### Data to process

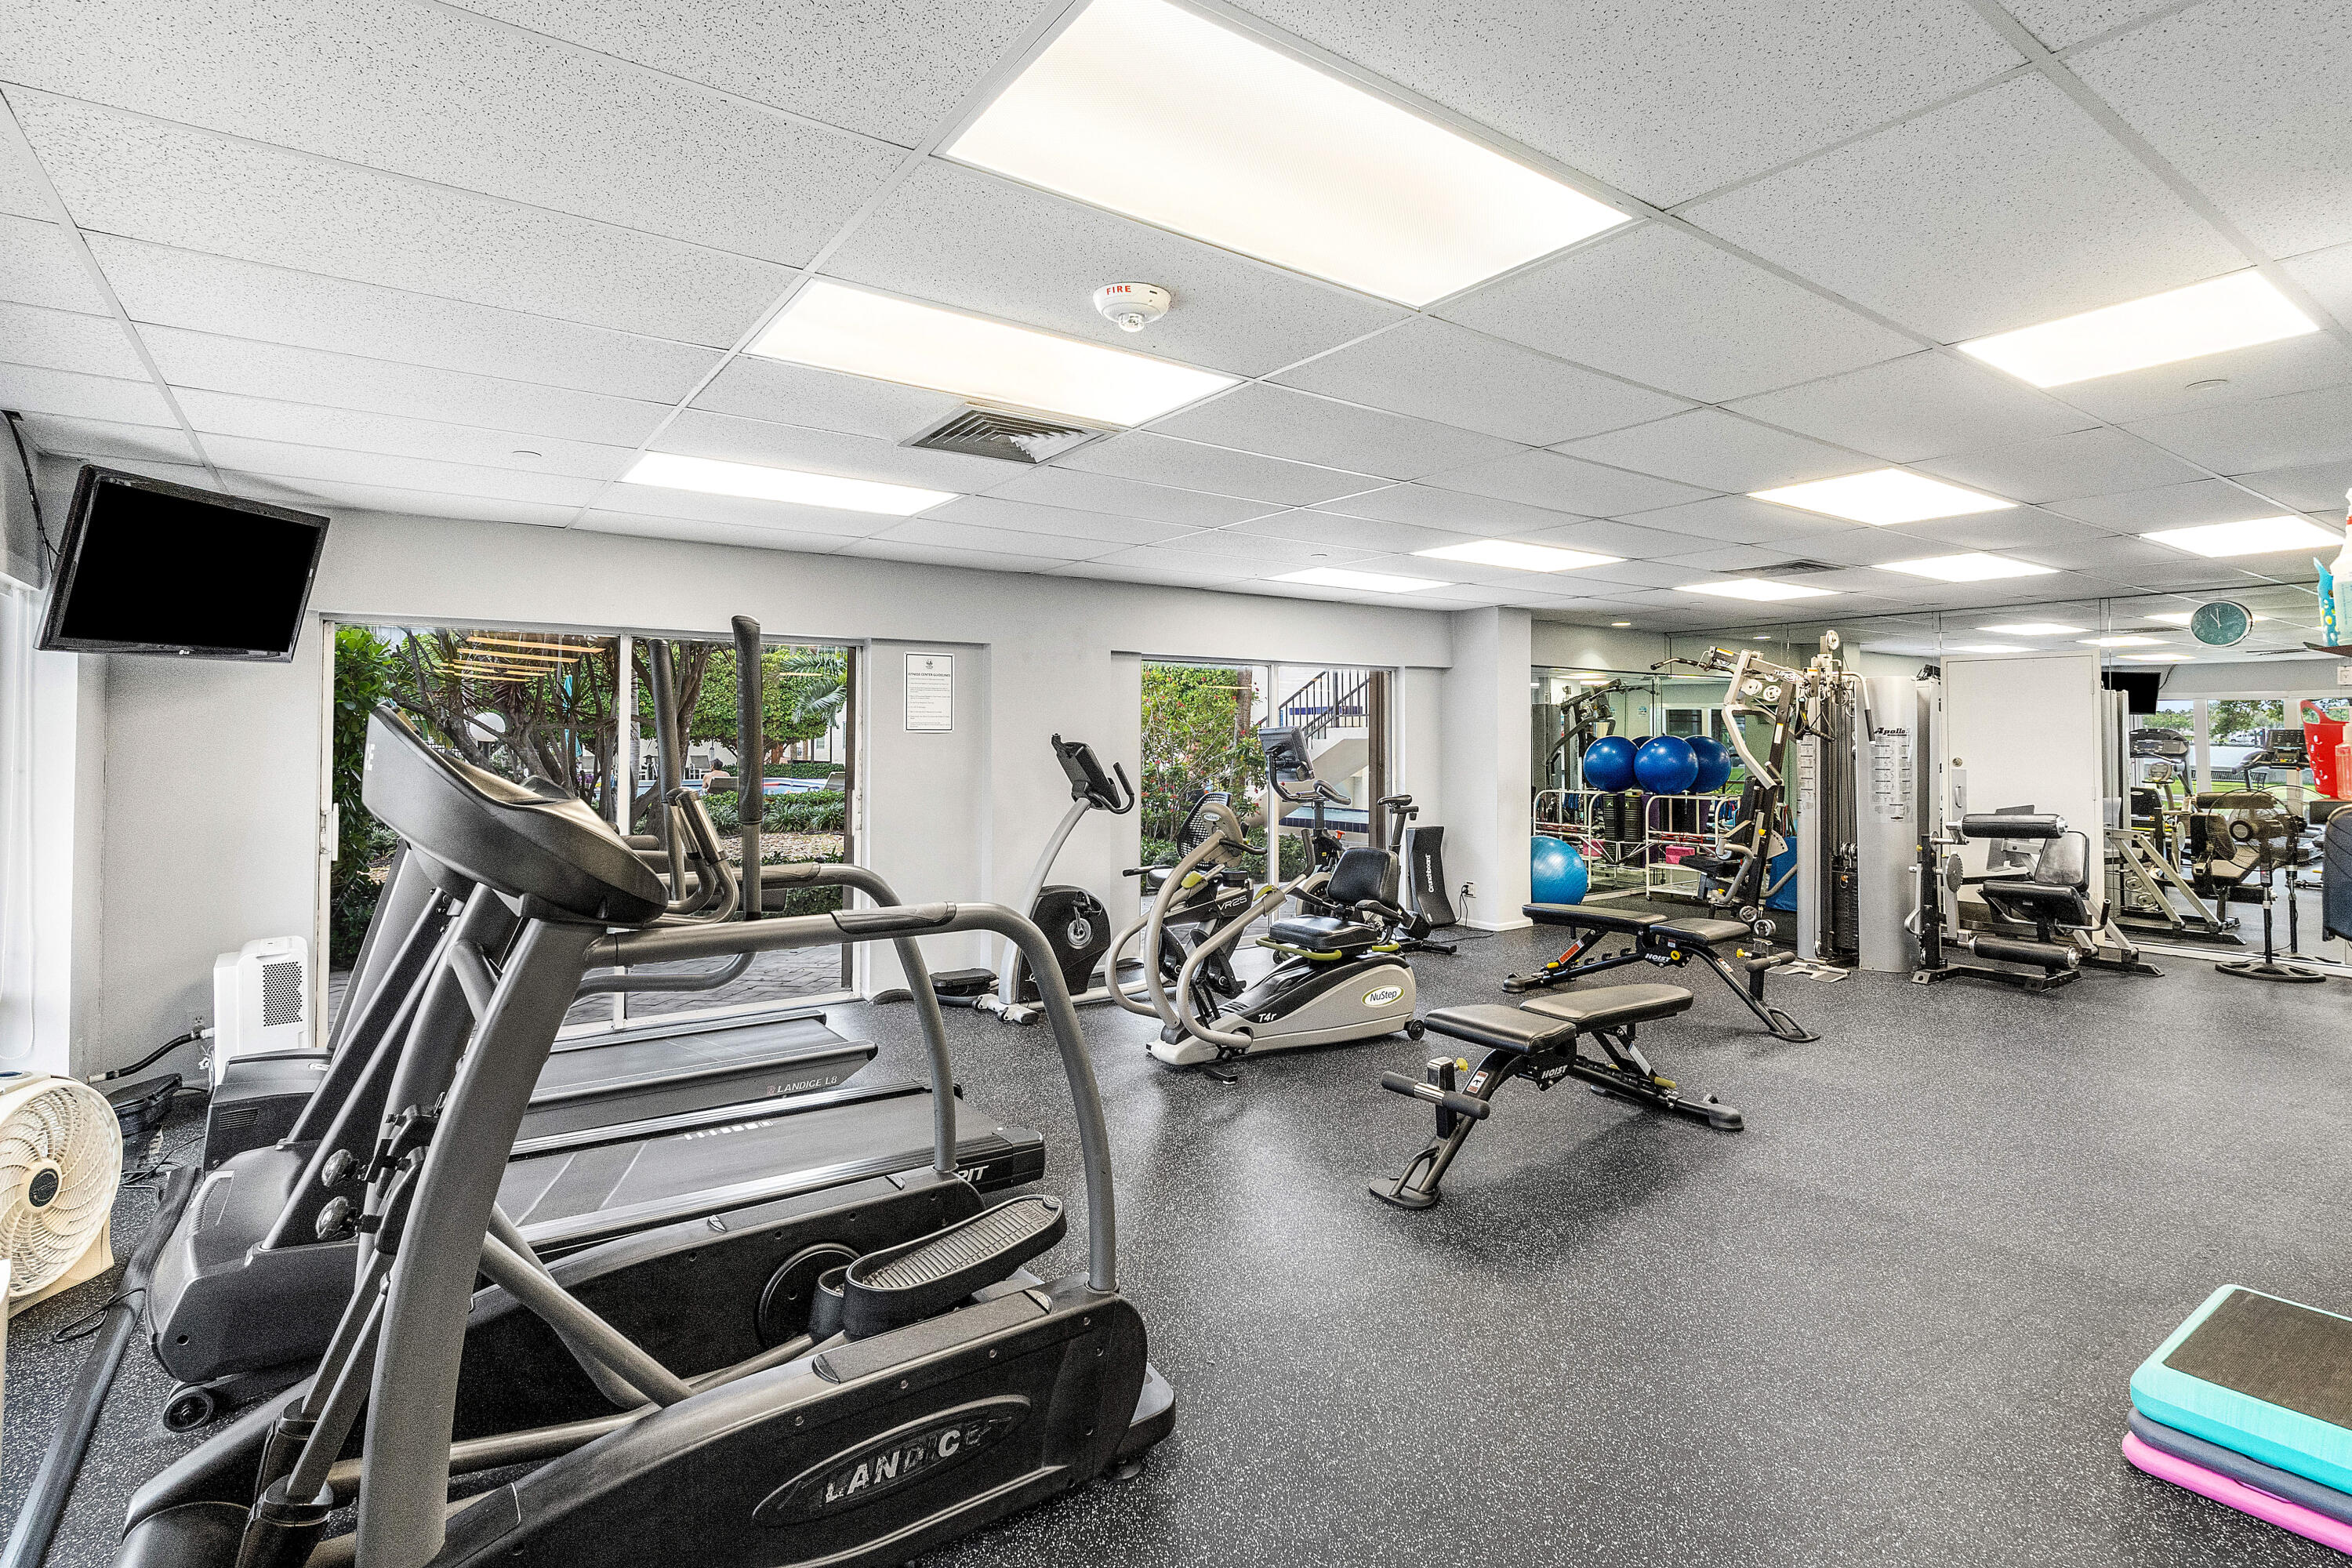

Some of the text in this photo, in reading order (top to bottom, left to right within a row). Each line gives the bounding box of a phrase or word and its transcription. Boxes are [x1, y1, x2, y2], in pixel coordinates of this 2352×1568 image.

[1106, 285, 1131, 296] FIRE
[1874, 727, 1906, 735] Apollo
[1425, 854, 1434, 893] Crunchboard
[1218, 895, 1247, 910] VR25
[1645, 953, 1671, 962] HOIST
[1370, 992, 1397, 1001] NuStep
[1258, 1012, 1277, 1023] T4r
[1541, 1065, 1568, 1080] HOIST
[777, 1076, 837, 1093] LANDICE L8
[825, 1424, 984, 1504] LANDICE

######

## Task objective
Leave the pictures out and reproduce each record exactly as written.

## Expected answer
Some of the text in this photo, in reading order (top to bottom, left to right within a row). Each line gives the bounding box of a phrase or word and its transcription. Boxes are [x1, y1, x2, y2], in pixel coordinates of this 2352×1568 image.

[1106, 285, 1131, 296] FIRE
[1874, 727, 1906, 735] Apollo
[1425, 854, 1434, 893] Crunchboard
[1218, 895, 1247, 910] VR25
[1645, 953, 1671, 962] HOIST
[1370, 992, 1397, 1001] NuStep
[1258, 1012, 1277, 1023] T4r
[1541, 1065, 1568, 1080] HOIST
[777, 1076, 837, 1093] LANDICE L8
[825, 1424, 984, 1504] LANDICE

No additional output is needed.